Madeira, café, cacau, palma, boi e borracha na mira do Green Deal
Verdade seja dita, dentro do conceito ESG (ambiental, social e governança), das novas diretrizes europeias ou mesmo das leis brasileiras, grandes empresas são sim corresponsáveis pelas práticas de seus fornecedores. Vide exemplo dos diversos casos de trabalho escravo que ainda existem e que, vez ou outra, atingem grandes marcas. Mas o que se espera dessas novas políticas do Bloco Europeu é que forneçam aos seus parceiros comerciais, Brasil inclusive, mais detalhes sobre as novas normas e uma certa adaptação à realidade local.
IMPACTO De certo mesmo, há a definição das culturas para as quais a devida diligência ambiental e a de direitos humanos passam a valer desde o início. São elas: borracha, cacau, café, carne bovina, madeira, óleo de palma, soja, e alguns produtos derivados como chocolate, couro e móveis. Agora, compare a lista com o ranking das commodities agrícolas mais exportadas pelo Brasil: complexo soja (53,5% das exportações); produtos florestais (14,4%); carnes (8,3%); complexo sucroalcooleiro (7,0%) e café (3,9%). Ou seja, somente os derivados de cana-da-açúcar ficaram de fora do Green Deal (Acordo Verde, em tradução livre), que é como a política foi batizada.
Para se chegar ao potencial risco que a decisão traz para o País é preciso recorrer à matemática. No ano passado, as exportações do agronegócio brasileiro somaram US$ 159,09 bilhões, sendo que as commodities-alvo da lei antidesmatamento representaram 80% dos embarques. Desse bolo, a União Europeia ficou com 20% das exportações dos produtos florestais; 14,2% do complexo soja; 7,8%, do café; e 5,1%, de carnes. Os dados são do Instituto de Estudos Avançados da Universidade de São Paulo (IEA-USP). O volume de cacau é marginal, mas o estrago geral pode ser considerável.

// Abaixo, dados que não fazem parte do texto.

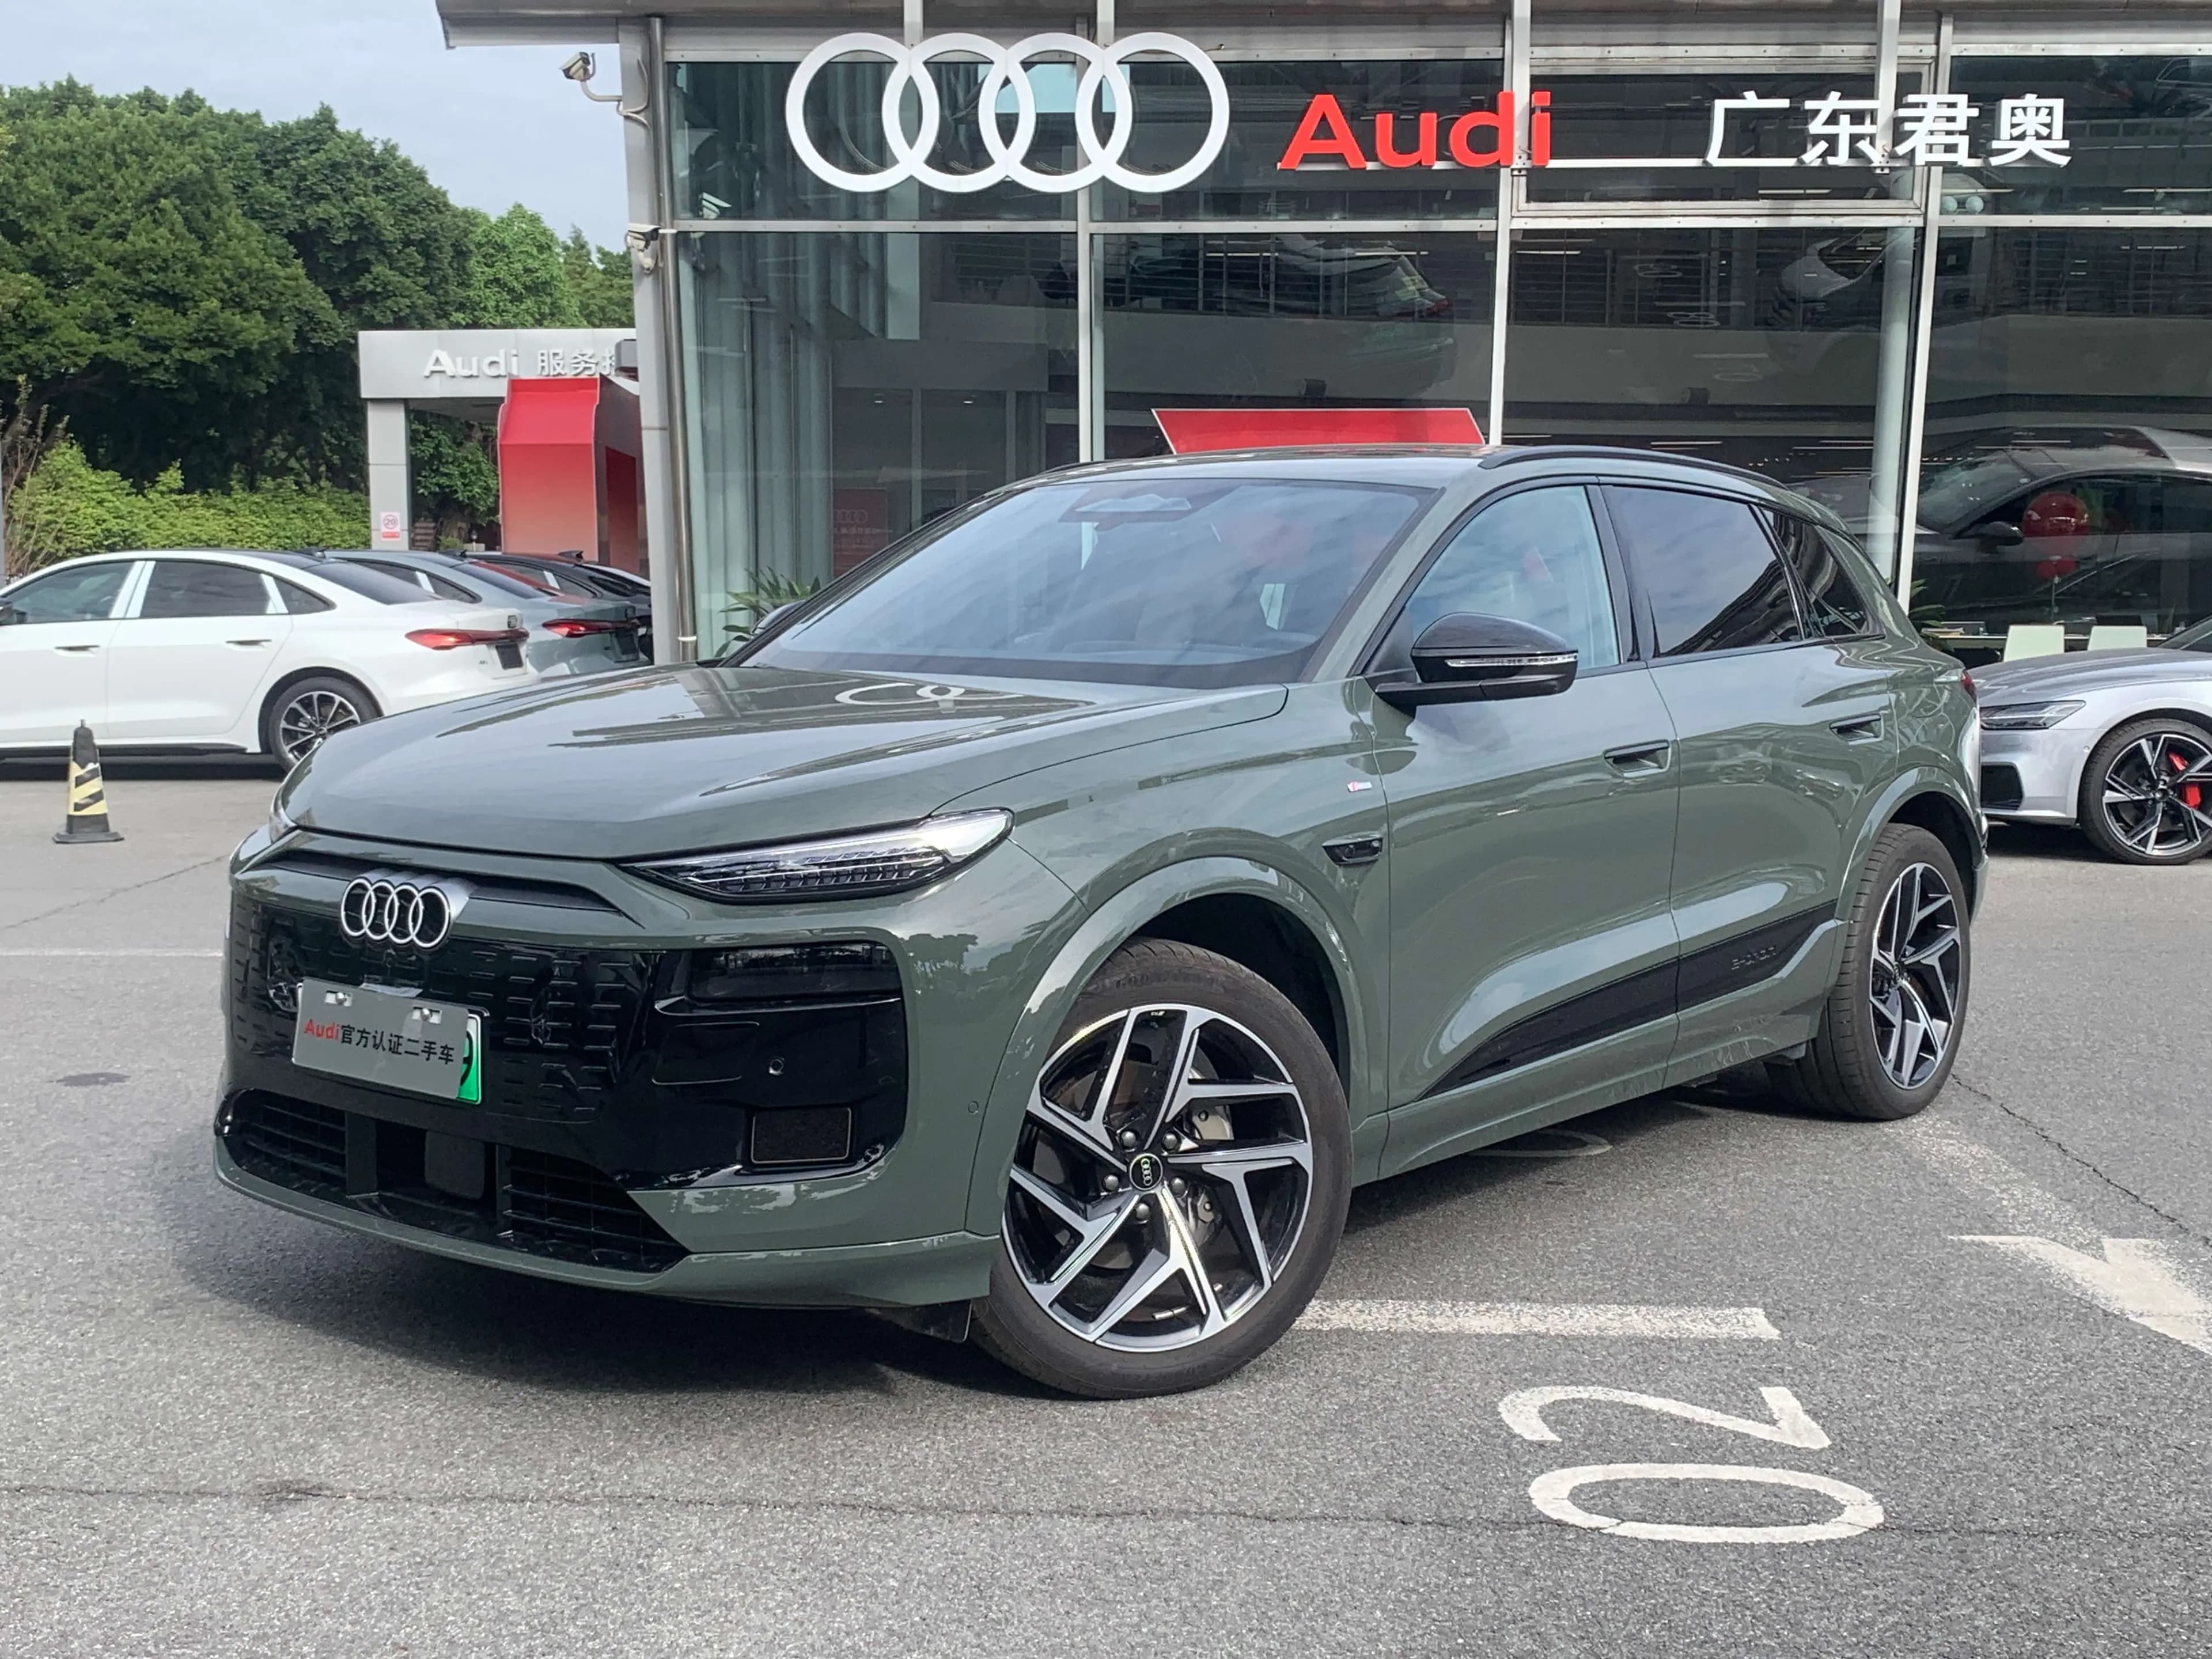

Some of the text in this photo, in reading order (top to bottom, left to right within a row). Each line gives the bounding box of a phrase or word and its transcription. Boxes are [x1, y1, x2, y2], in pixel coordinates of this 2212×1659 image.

[1278, 90, 2071, 169] Audi 广东君奥
[424, 349, 518, 377] Audi
[384, 518, 396, 526] 20

CONTRAPONTO Se na teoria a matemática é de uma exatidão inquestionável, na prática não é bem assim. E o que parece um problema, pode se transformar em oportunidade para o Brasil. Um dos motivos é o nível de maturidade do País em práticas sustentáveis. Por isso, segundo Alexander Rose, do Pacto Global da ONU no Brasil, os impactos nas exportações devem ser marginais. “O agronegócio brasileiro tem todas as competências para atender as demandas da lei, que há bem da verdade não traz nenhuma grande novidade”. É isso que explica o fato de muitas exportadoras já estarem adequadas às demandas como a necessidade de rastreamento de produtos desde sua origem. As demais, afirmou Rose, tendem a se adaptar porque no final, também ganharão. “Ao cumprir as novas normas, o produtor ficará mais produtivo”.

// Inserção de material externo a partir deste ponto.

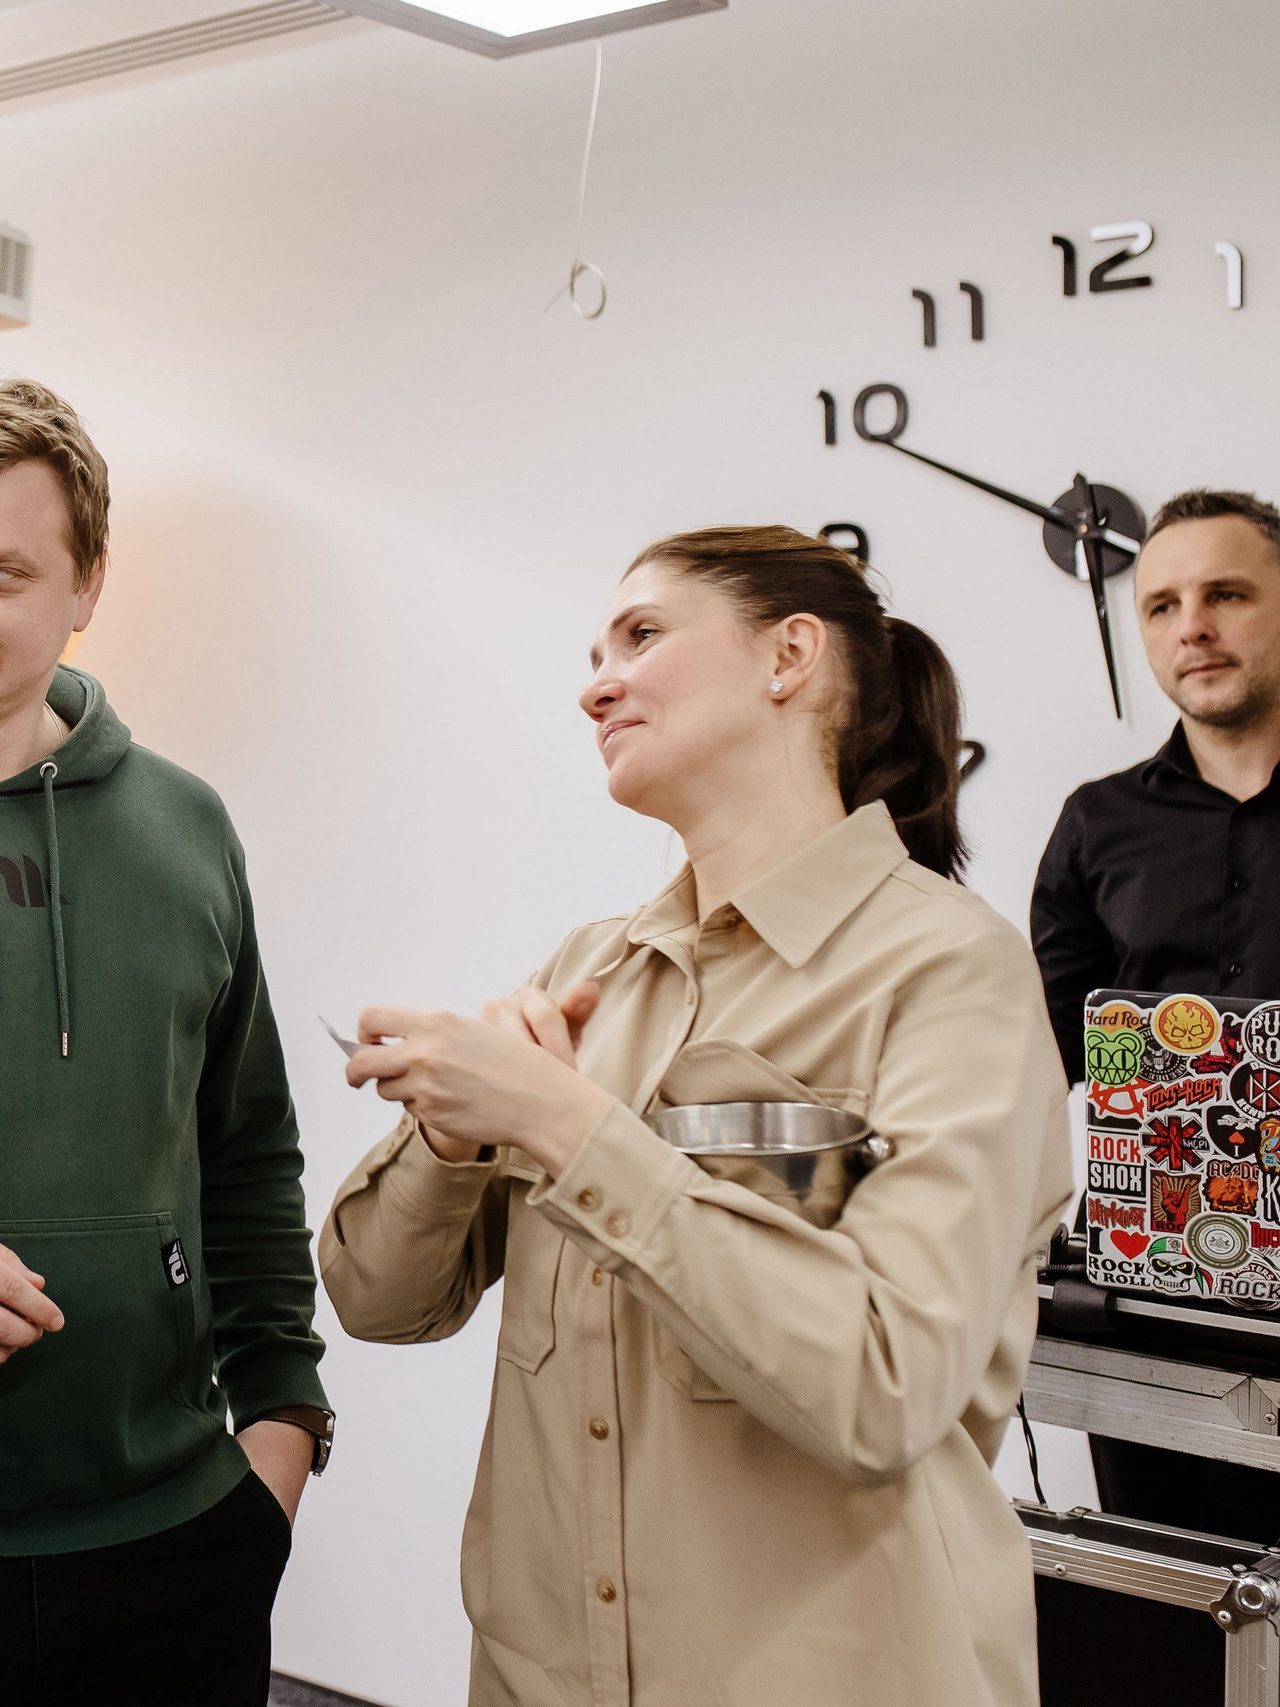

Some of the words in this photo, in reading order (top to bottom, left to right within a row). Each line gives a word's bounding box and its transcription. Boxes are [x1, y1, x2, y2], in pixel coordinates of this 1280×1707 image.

[1051, 220, 1154, 297] 12
[1214, 240, 1243, 310] 1
[911, 280, 986, 348] 11
[815, 382, 910, 447] 10
[1086, 1010, 1118, 1026] Hard
[1183, 1078, 1222, 1106] ROCK
[1090, 1135, 1142, 1164] ROCK
[1090, 1162, 1142, 1192] SHOX
[1088, 1225, 1104, 1255] I
[1156, 1221, 1185, 1232] ROC
[1088, 1255, 1146, 1276] ROCK
[1088, 1269, 1098, 1281] N
[1103, 1272, 1151, 1287] ROLL
[1218, 1278, 1280, 1300] ROCK

É esse o agronegócio que o presidente da CNA, João Martins, se dedica a mostrar para a Europa. “Intensificamos o intercâmbio de informações com autoridades europeias para mostrar que o nosso agro é sustentável”, afirmou. Além de reuniões bilaterais, seja no Brasil ou na Europa, a entidade também reativou em 2022 o programa de Intercâmbio AgroBrazil, interrompido por dois anos devido à pandemia. Nele, diplomatas de diversos países, europeus ou não, vão a campo para uma imersão em propriedades, cooperativas, entidades de pesquisa, como a Embrapa. Voltam com conhecimento do campo real.

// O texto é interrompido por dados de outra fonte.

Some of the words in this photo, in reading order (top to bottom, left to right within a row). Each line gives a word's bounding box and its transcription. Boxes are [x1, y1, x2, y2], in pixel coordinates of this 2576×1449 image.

Ao fazer o dever de casa dentro da porteira, ao contar com a ajuda de entidades para mostrar as boas práticas sustentáveis já implementadas e quiçá do governo para punir quem comete ilegalidades, o produtor brasileiro poderá reverter a ameaça do Green Deal e torná-lo uma oportunidade para aumentar o share dos países europeus na balança comercial.